It would be best to minimise the necessity to use non-default calendars. The choice \
of calendar really depends on the likely use of early dates.

> For those that are using the Julian calendar (say, the Russian Orthodox 
> Church -- are they using KDE?), it's also straightforward: conversion 
> from Julian Day to Julian Date is required.
> 
> As for the countries that use the Gregorian calendar, the calendar varies 
> from country to country. There are *very* locale-specific for that and I 
> doubt we have them implemented anywhere.
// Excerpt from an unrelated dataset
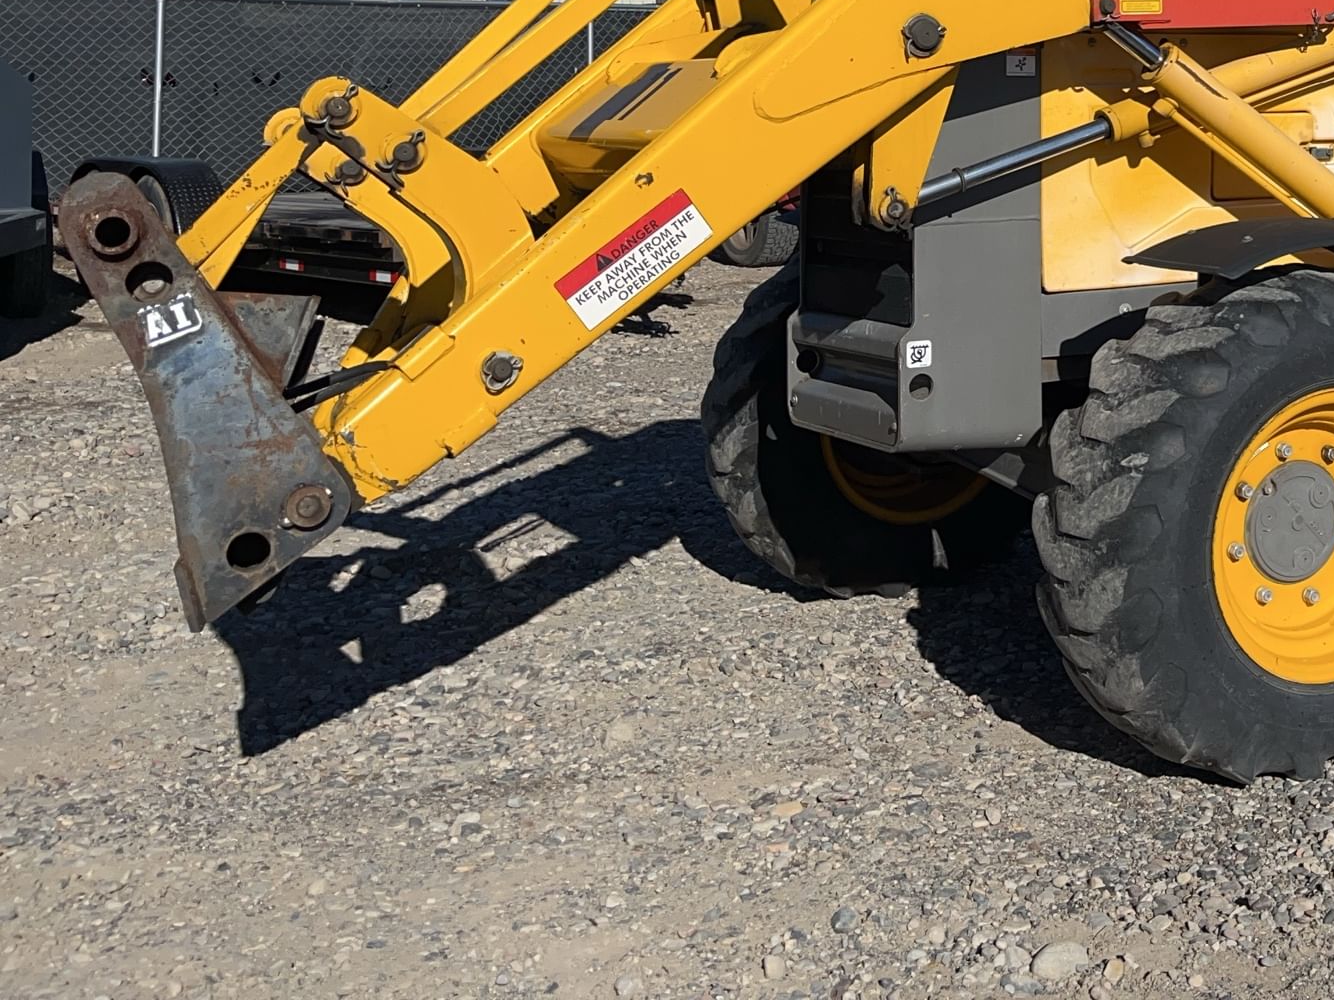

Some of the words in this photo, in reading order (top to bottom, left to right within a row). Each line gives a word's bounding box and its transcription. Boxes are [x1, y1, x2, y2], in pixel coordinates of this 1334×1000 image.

Some countries converted from 
> Julian to Gregorian before others; some went back from Gregorian to 
> Julian (Scotland), some went halfways, then decided to go back and 
> introduced a February 30th (Sweden). This kind of complexity lies surely 
> out of Q/KDateTime. There's only one universally accepted date for the 
> beginning of the Gregorian calendar and it's the one QDate now uses.

If both calendars are going to be used for QDate, I would agree that 1582 is the most \
obvious cutoff.

> What may be argued is if QDate shouldn't use the proleptic Gregorian 
> calendar into the past, like I had originally made it do. I tried to 
> argue this point with the Trolltech developer who made the change, but we 
> ended up concluding that conversion rules are necessary for any date 
> after the first introduction of the Gregorian calendar, but not before. 
> That way, at least before 1582, QDate cannot be wrong WRT historical 
> records.

But unfortunately QDate *can* be wrong for dates before 1582. The date at which the \
year number changed varied from country to country  until 1st January was eventually \
adopted universally. (This happened as late as 1752 in England and Wales.) For \
example, in France the date  the year number changed was Easter, so 2nd February 1500 \
in France would be the same day as 2nd February 1501 in countries which  changed year \
on 25th December. So even if the month and day numbers might be predictable, you \
can't rely on year numbers. The result is  that dates both before and after 1582 need \
to undergo locale conversion, although admittedly it's not quite so complicated with \
the Julian  calendar.

As for using the proleptic Julian calendar, I can't really see the sense in it (apart \
from avoiding the discontinuity between the proleptic  Gregorian and the start of the \
Julian calendar). Wouldn't it be simpler to use the Gregorian calendar (proleptic or \
otherwise) throughout which  would serve well for scientific purposes and require no \
more conversion than the Julian calendar would?

> Also note that QDate no longer accepts year 0: it counts now -3, -2, -1, 
> 1, 2, 3, 4, ...

Which introduces an extra complication for anybody naively adding or subtracting \
years over the (non-existent) year 0 boundary.

Altogether, I'm not convinced about the desirability of the change. But I'd like to \
hear from people who might actually use pre-1582 dates (e.g.  Nicholas Goutte or \
Jason Harris).

--
David Jarvie.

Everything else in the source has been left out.